### Exercise prompt
All pictures are to be dropped, and the remaining data set down exactly.

### Listed entries
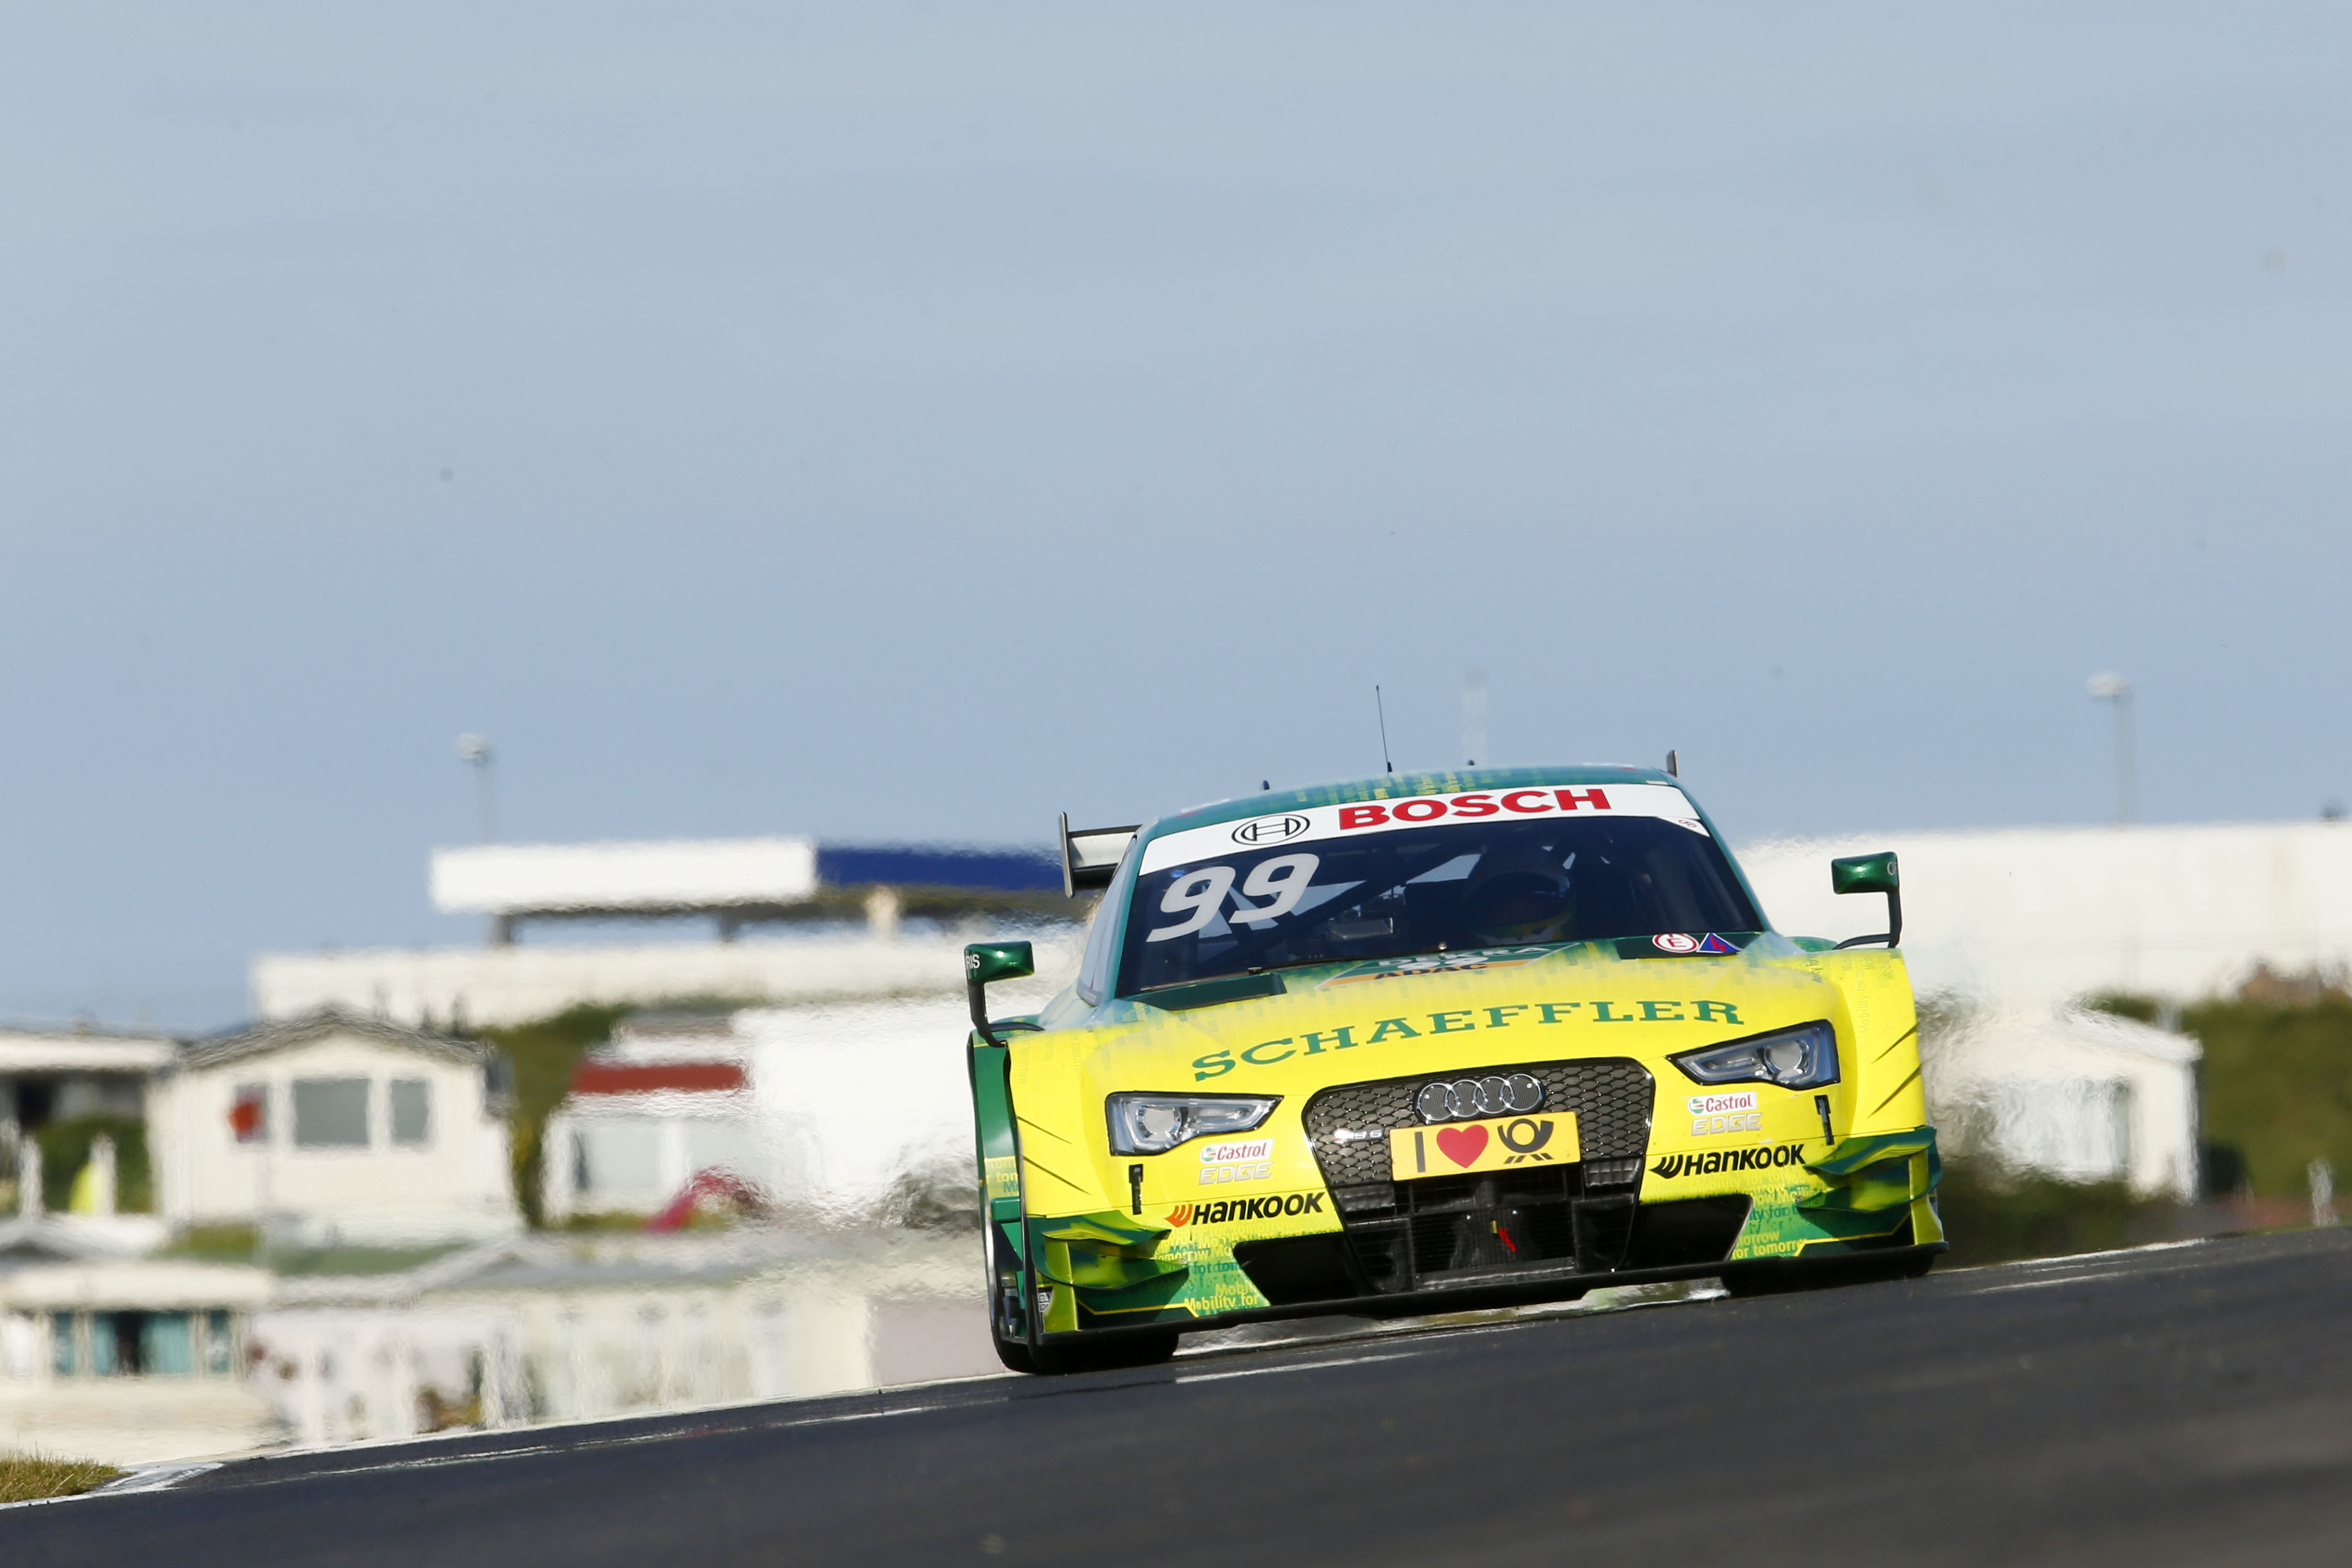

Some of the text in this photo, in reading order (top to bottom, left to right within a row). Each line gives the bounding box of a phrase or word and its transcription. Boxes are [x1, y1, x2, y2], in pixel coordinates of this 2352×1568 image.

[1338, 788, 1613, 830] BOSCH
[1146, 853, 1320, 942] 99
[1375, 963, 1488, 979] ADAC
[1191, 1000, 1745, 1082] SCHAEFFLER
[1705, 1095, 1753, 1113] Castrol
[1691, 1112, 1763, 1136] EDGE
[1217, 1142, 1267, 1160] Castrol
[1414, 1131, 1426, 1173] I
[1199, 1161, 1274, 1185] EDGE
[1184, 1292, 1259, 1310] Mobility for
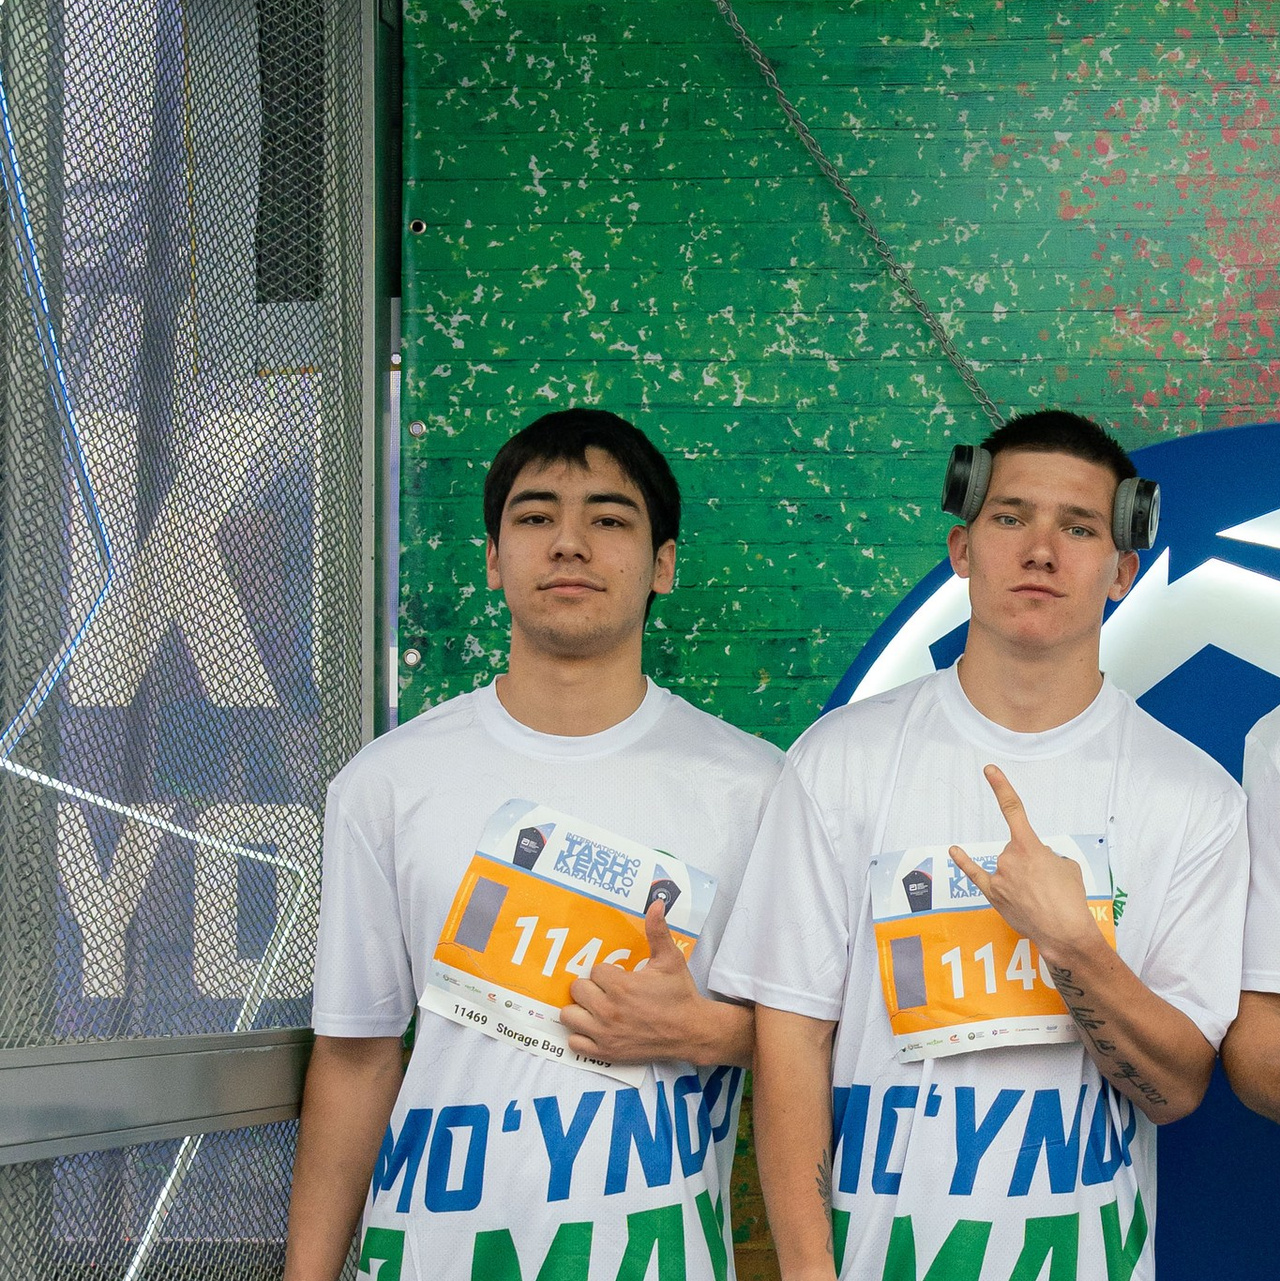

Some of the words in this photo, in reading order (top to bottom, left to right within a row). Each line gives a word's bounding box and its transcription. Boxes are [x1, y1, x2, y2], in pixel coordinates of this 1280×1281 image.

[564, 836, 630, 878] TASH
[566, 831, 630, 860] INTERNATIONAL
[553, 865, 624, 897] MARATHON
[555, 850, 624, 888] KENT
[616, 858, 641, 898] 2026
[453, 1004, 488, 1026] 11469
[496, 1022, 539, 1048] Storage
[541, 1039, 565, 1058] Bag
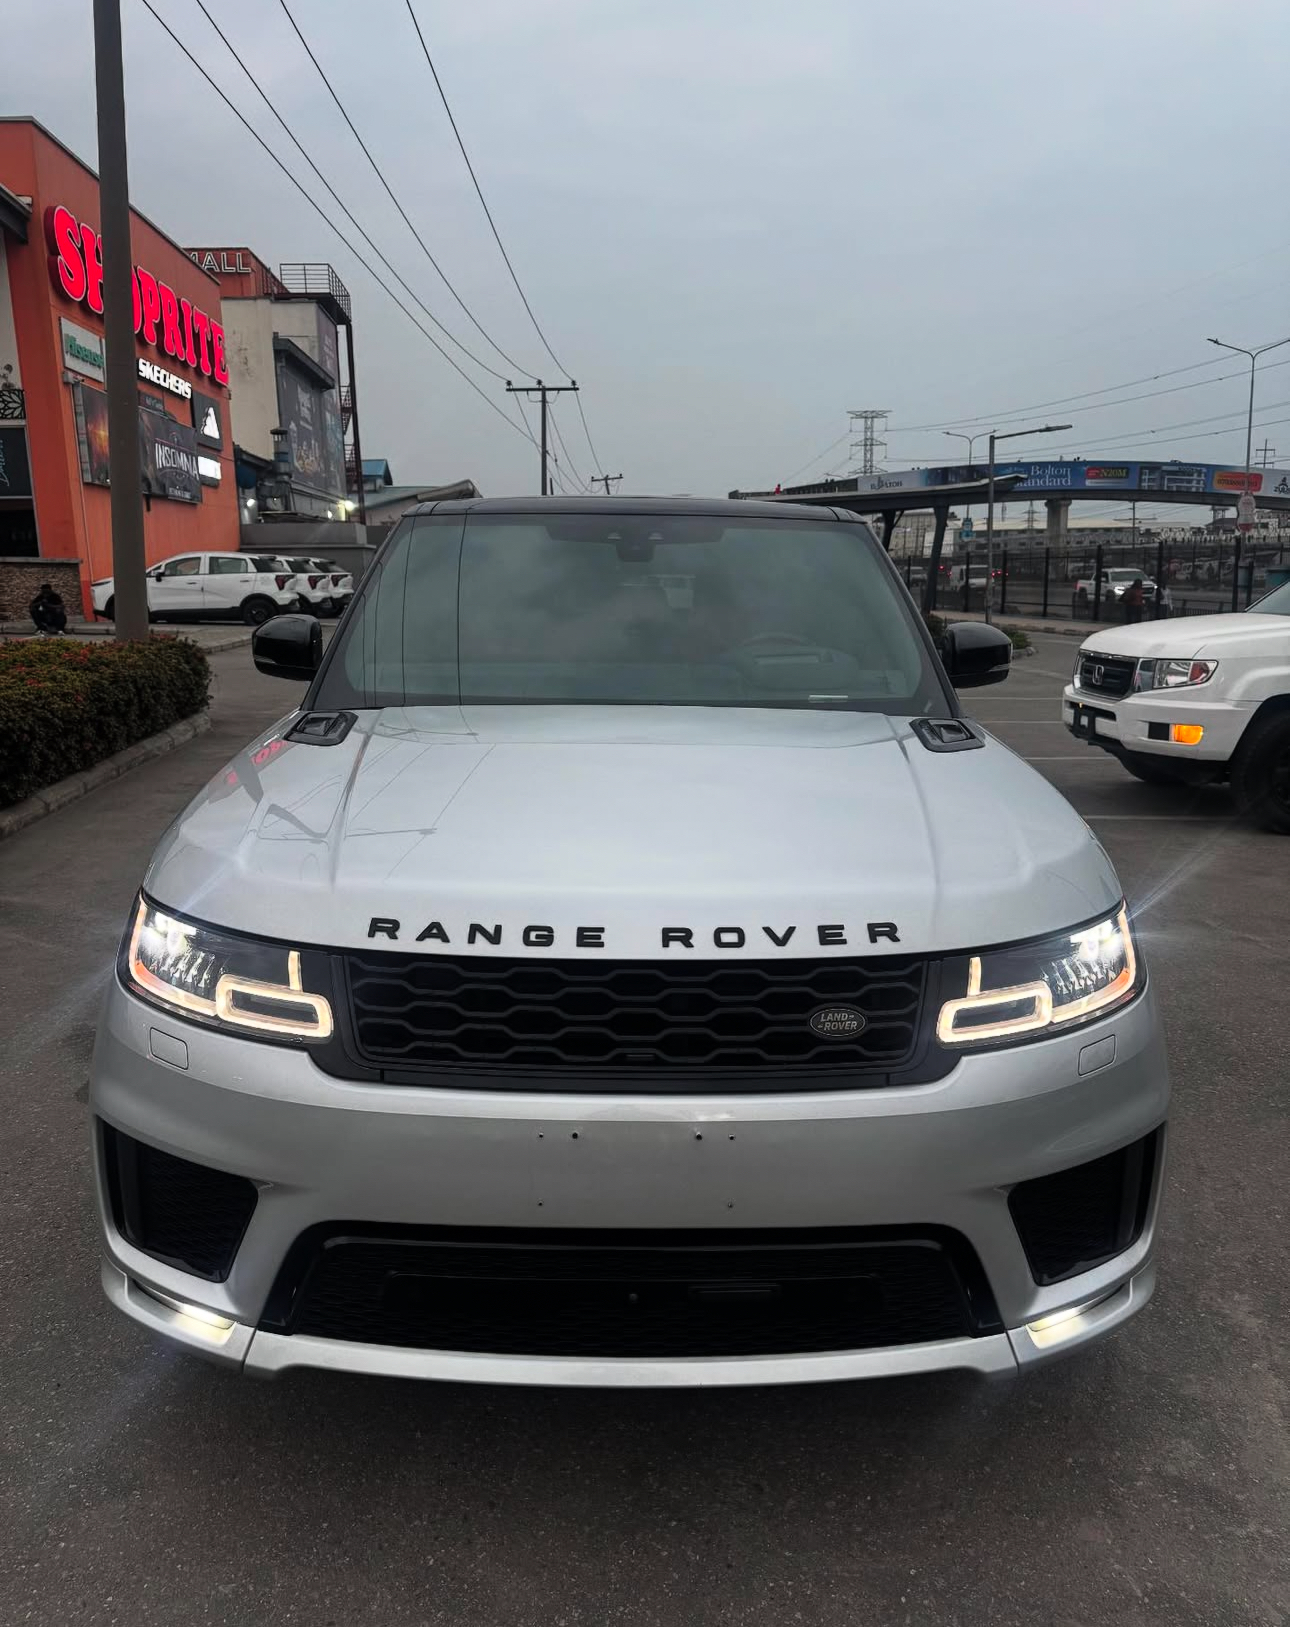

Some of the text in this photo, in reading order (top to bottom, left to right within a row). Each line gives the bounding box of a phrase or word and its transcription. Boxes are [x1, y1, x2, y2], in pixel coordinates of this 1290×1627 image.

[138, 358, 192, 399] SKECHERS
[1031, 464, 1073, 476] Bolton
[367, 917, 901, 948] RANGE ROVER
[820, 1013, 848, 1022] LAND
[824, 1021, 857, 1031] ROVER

### Worked solution
Some of the text in this photo, in reading order (top to bottom, left to right within a row). Each line gives the bounding box of a phrase or word and its transcription. Boxes are [x1, y1, x2, y2], in pixel coordinates of this 2352×1568 image.

[1338, 788, 1613, 830] BOSCH
[1146, 853, 1320, 942] 99
[1375, 963, 1488, 979] ADAC
[1191, 1000, 1745, 1082] SCHAEFFLER
[1705, 1095, 1753, 1113] Castrol
[1691, 1112, 1763, 1136] EDGE
[1217, 1142, 1267, 1160] Castrol
[1414, 1131, 1426, 1173] I
[1199, 1161, 1274, 1185] EDGE
[1184, 1292, 1259, 1310] Mobility for

Some of the words in this photo, in reading order (top to bottom, left to right within a row). Each line gives a word's bounding box and its transcription. Boxes are [x1, y1, x2, y2], in pixel coordinates of this 1280×1281 image.

[564, 836, 630, 878] TASH
[566, 831, 630, 860] INTERNATIONAL
[553, 865, 624, 897] MARATHON
[555, 850, 624, 888] KENT
[616, 858, 641, 898] 2026
[453, 1004, 488, 1026] 11469
[496, 1022, 539, 1048] Storage
[541, 1039, 565, 1058] Bag

Some of the text in this photo, in reading order (top to bottom, left to right within a row). Each line gives the bounding box of a phrase or word and its transcription. Boxes are [x1, y1, x2, y2], in pixel coordinates of this 1290×1627 image.

[138, 358, 192, 399] SKECHERS
[1031, 464, 1073, 476] Bolton
[367, 917, 901, 948] RANGE ROVER
[820, 1013, 848, 1022] LAND
[824, 1021, 857, 1031] ROVER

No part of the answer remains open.